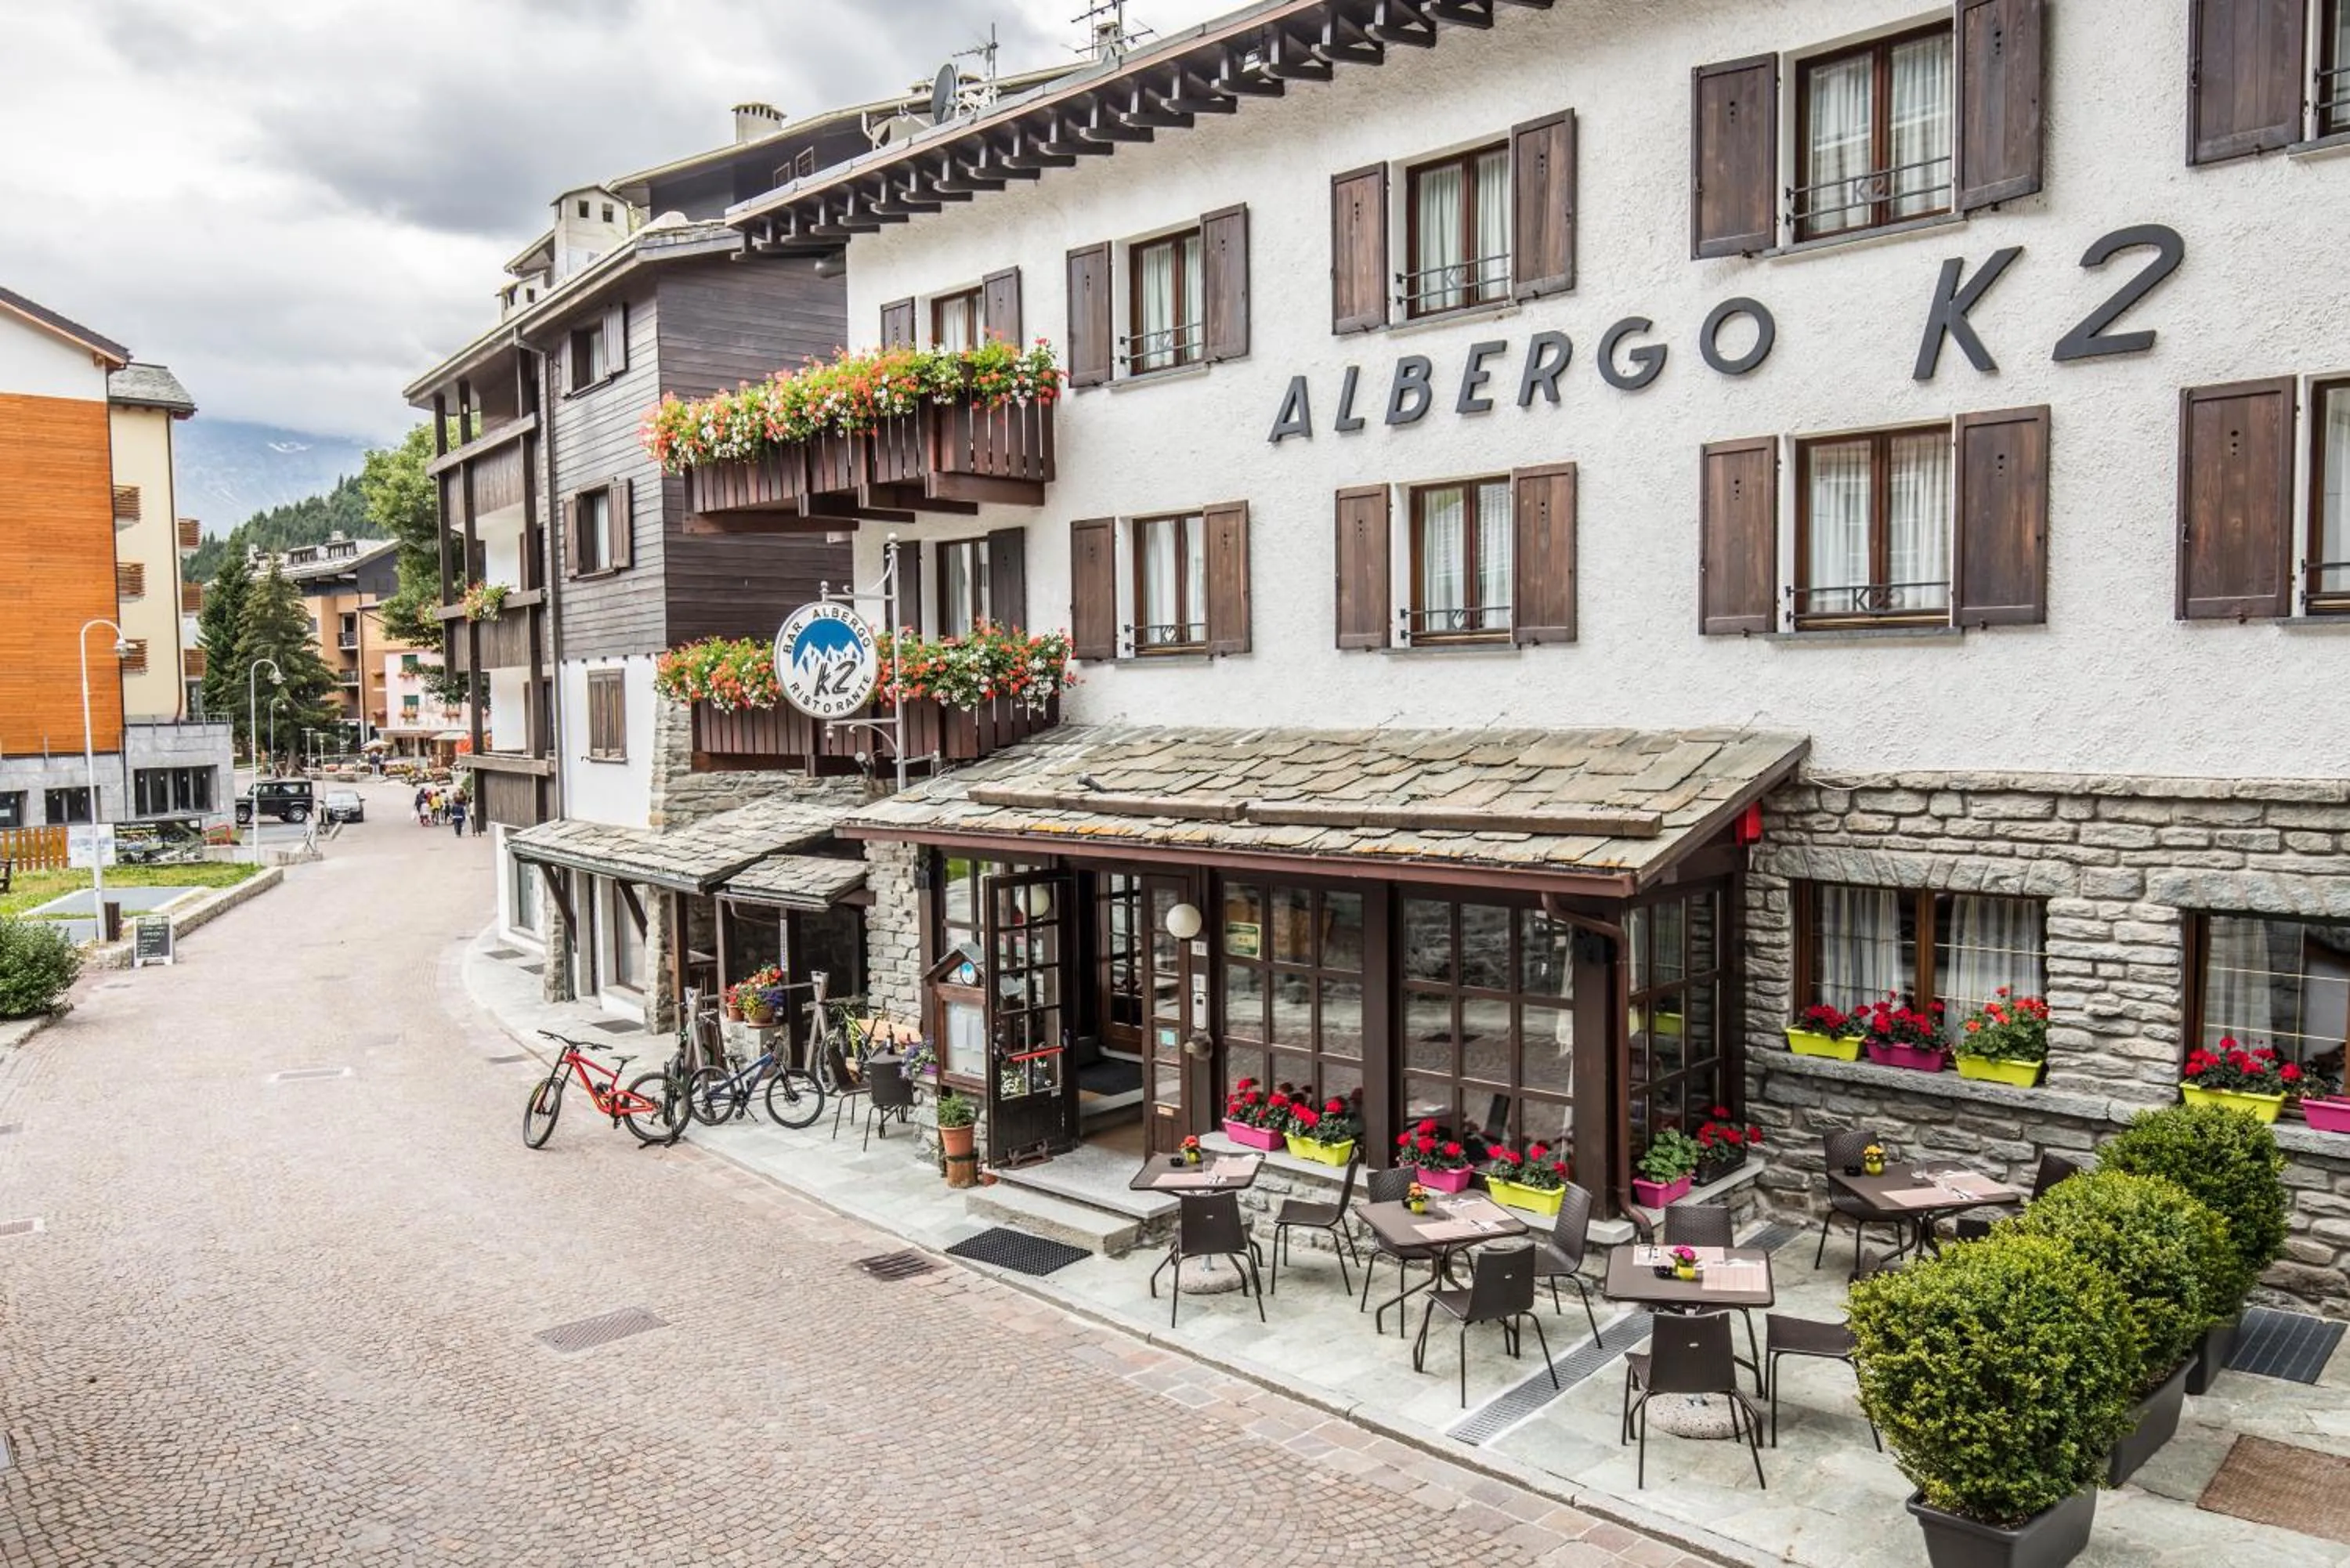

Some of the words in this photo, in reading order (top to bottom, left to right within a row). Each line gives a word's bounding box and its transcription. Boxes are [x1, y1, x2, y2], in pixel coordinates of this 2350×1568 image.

[1267, 296, 1777, 443] ALBERGO
[783, 621, 803, 654] BAR
[812, 607, 872, 649] ALBERGO
[790, 674, 872, 714] RISTORANTE
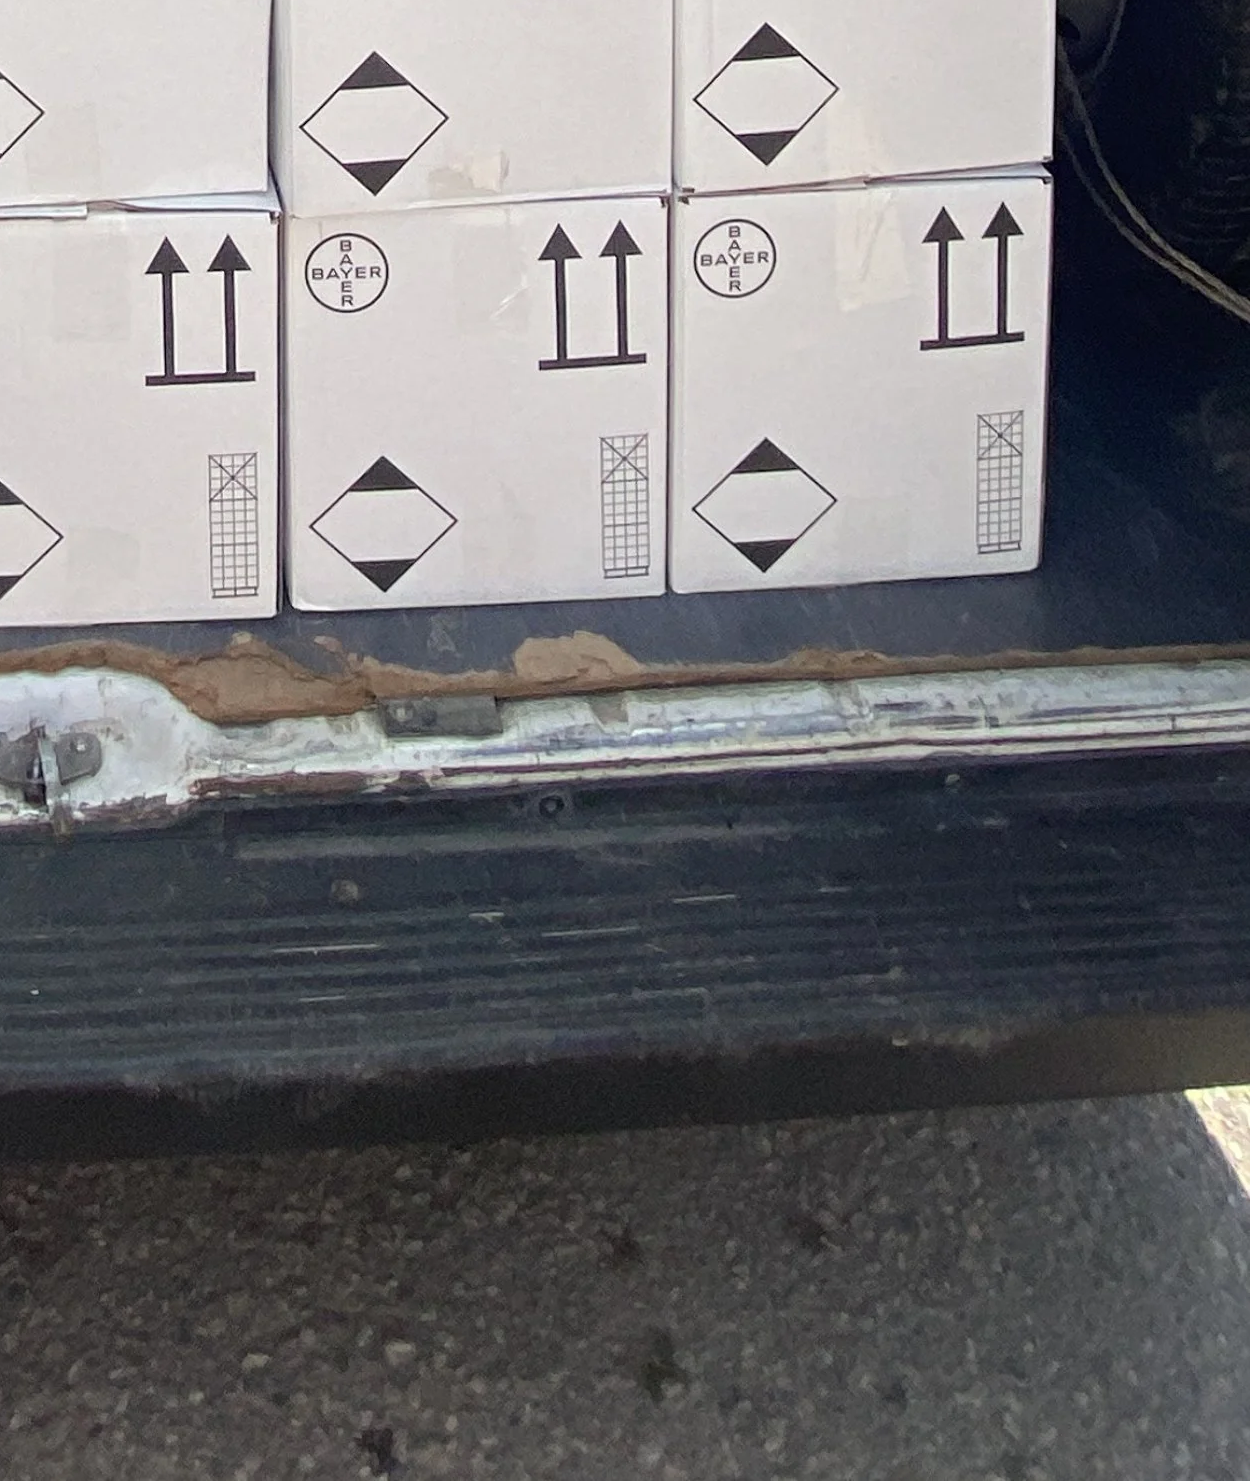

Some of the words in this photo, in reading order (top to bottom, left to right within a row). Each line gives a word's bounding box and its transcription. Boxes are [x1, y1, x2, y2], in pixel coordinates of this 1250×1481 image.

[311, 265, 382, 281] BAYER
[337, 240, 353, 306] BAYER
[700, 251, 770, 266] BAYER
[726, 226, 741, 291] BAYER
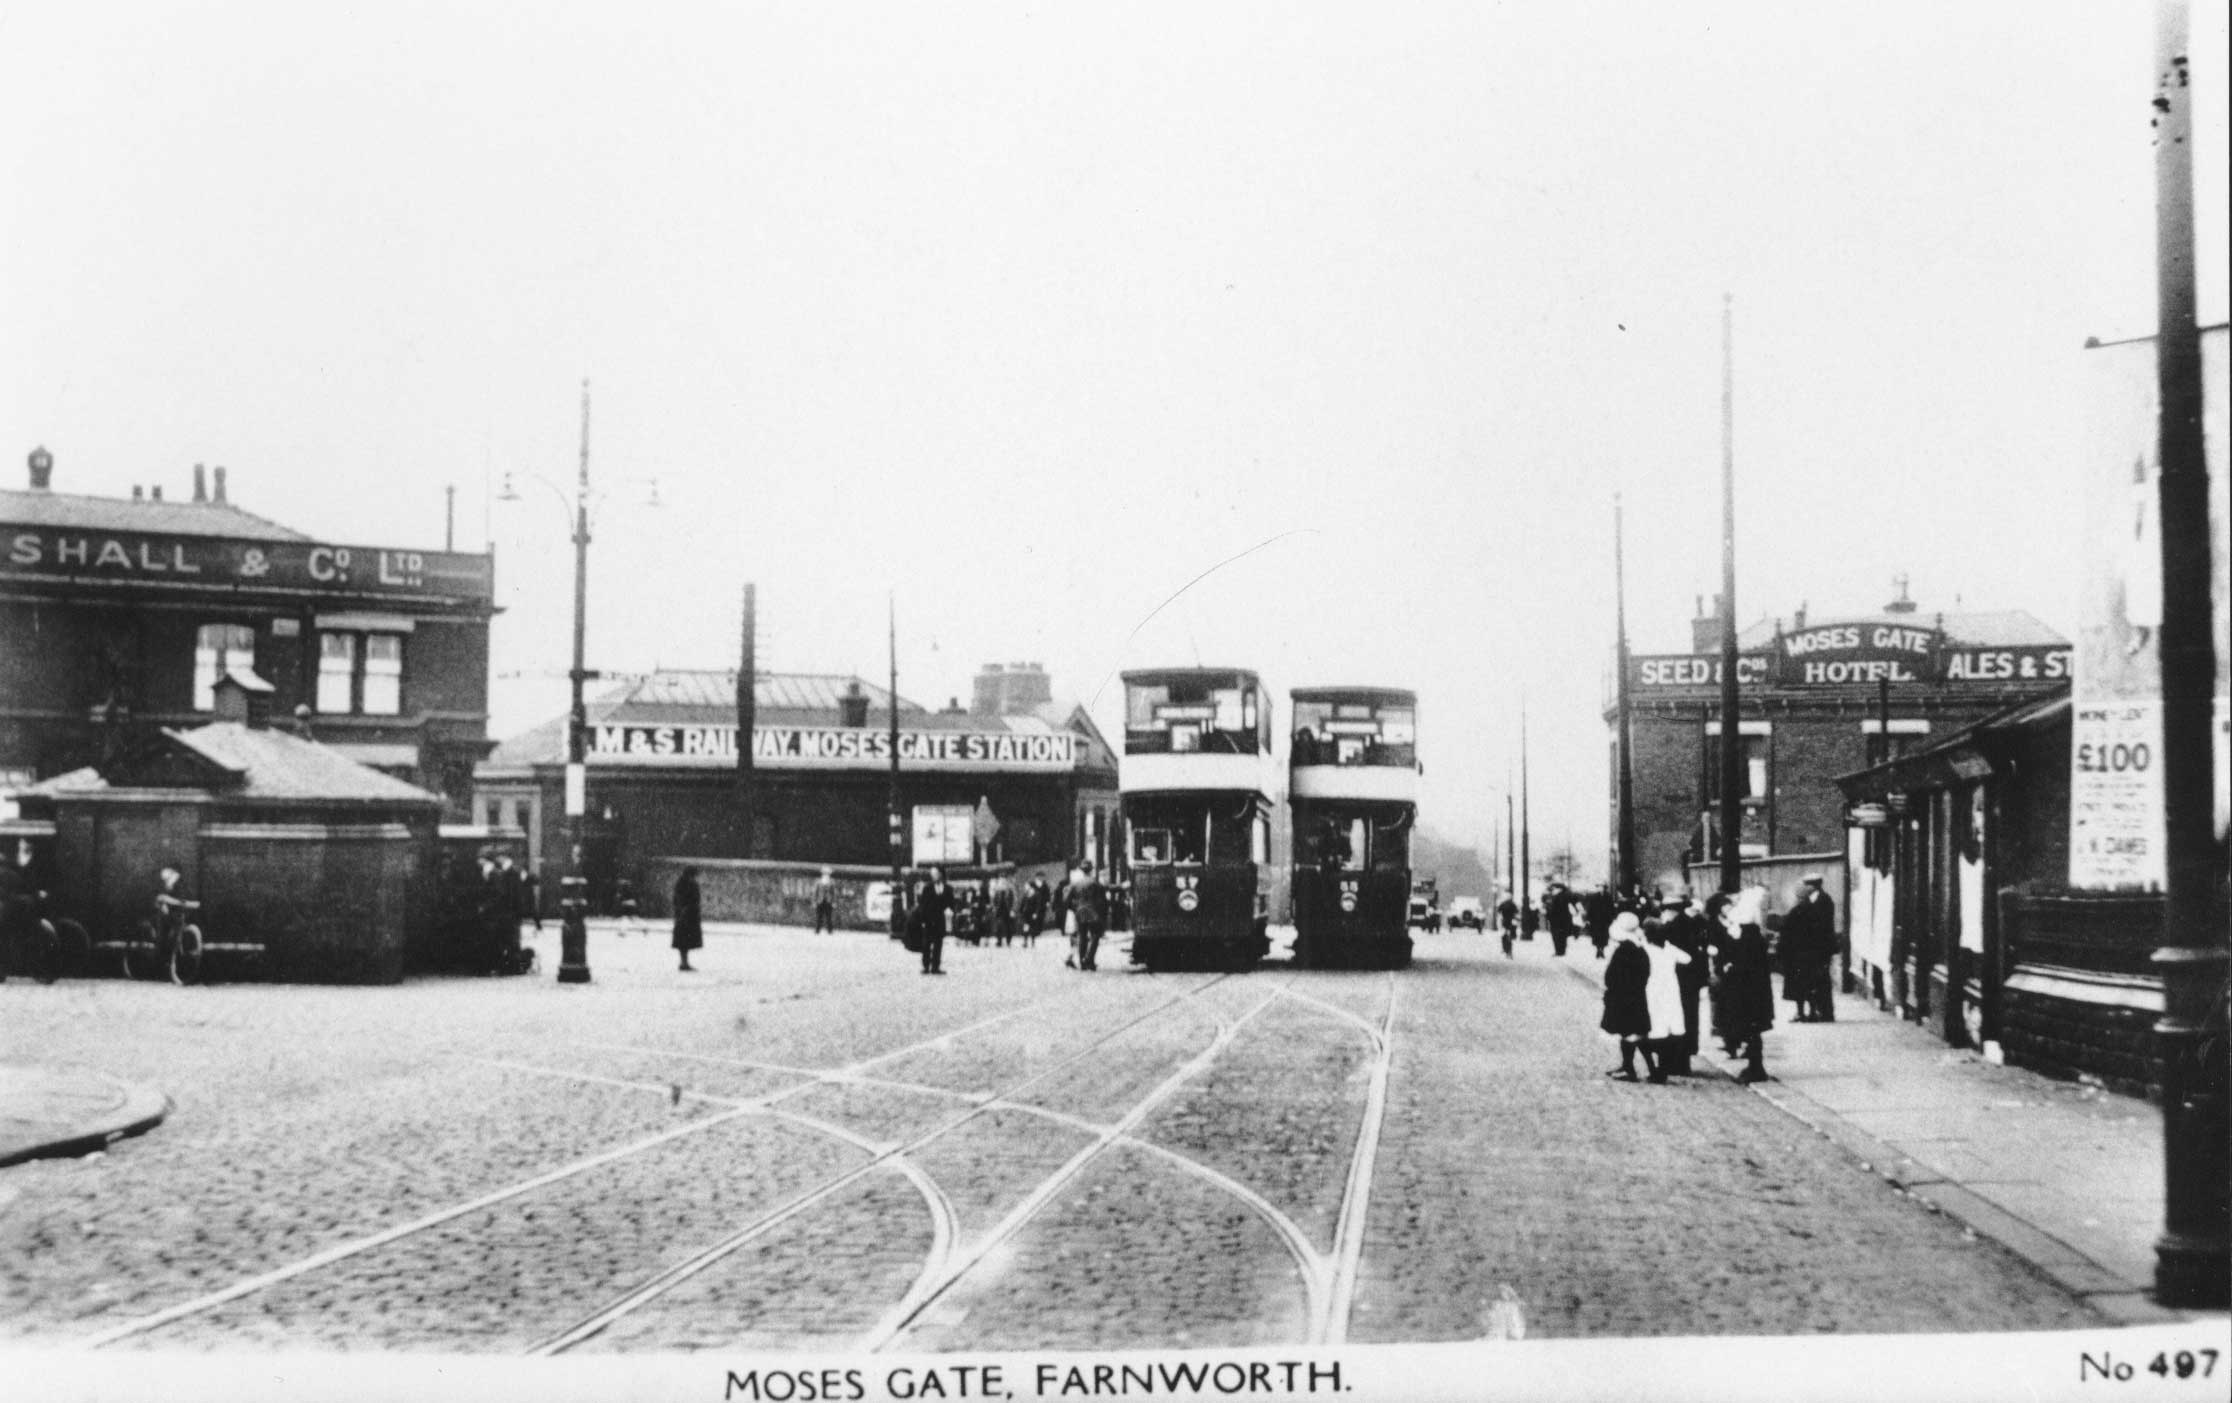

────

[INSTRUCTIONS FOR THE TASK] Reprint the whole listing verbatim except for the pictures.

[ANSWER TO THIS PROBLEM]
Some of the words in this photo, in reading order (top to bottom, left to right within a row). Each line gives a word's bounding box and its transcription. Boxes are [x1, y1, x2, y2], in pixel coordinates of this 2350×1568 image.

[1267, 296, 1777, 443] ALBERGO
[783, 621, 803, 654] BAR
[812, 607, 872, 649] ALBERGO
[790, 674, 872, 714] RISTORANTE

Some of the words in this photo, in reading order (top to bottom, left to right within a row). Each line gives a word's bounding box and its transcription. Boxes are [x1, y1, x2, y2], in pixel coordinates of this 1250×1481 image.

[311, 265, 382, 281] BAYER
[337, 240, 353, 306] BAYER
[700, 251, 770, 266] BAYER
[726, 226, 741, 291] BAYER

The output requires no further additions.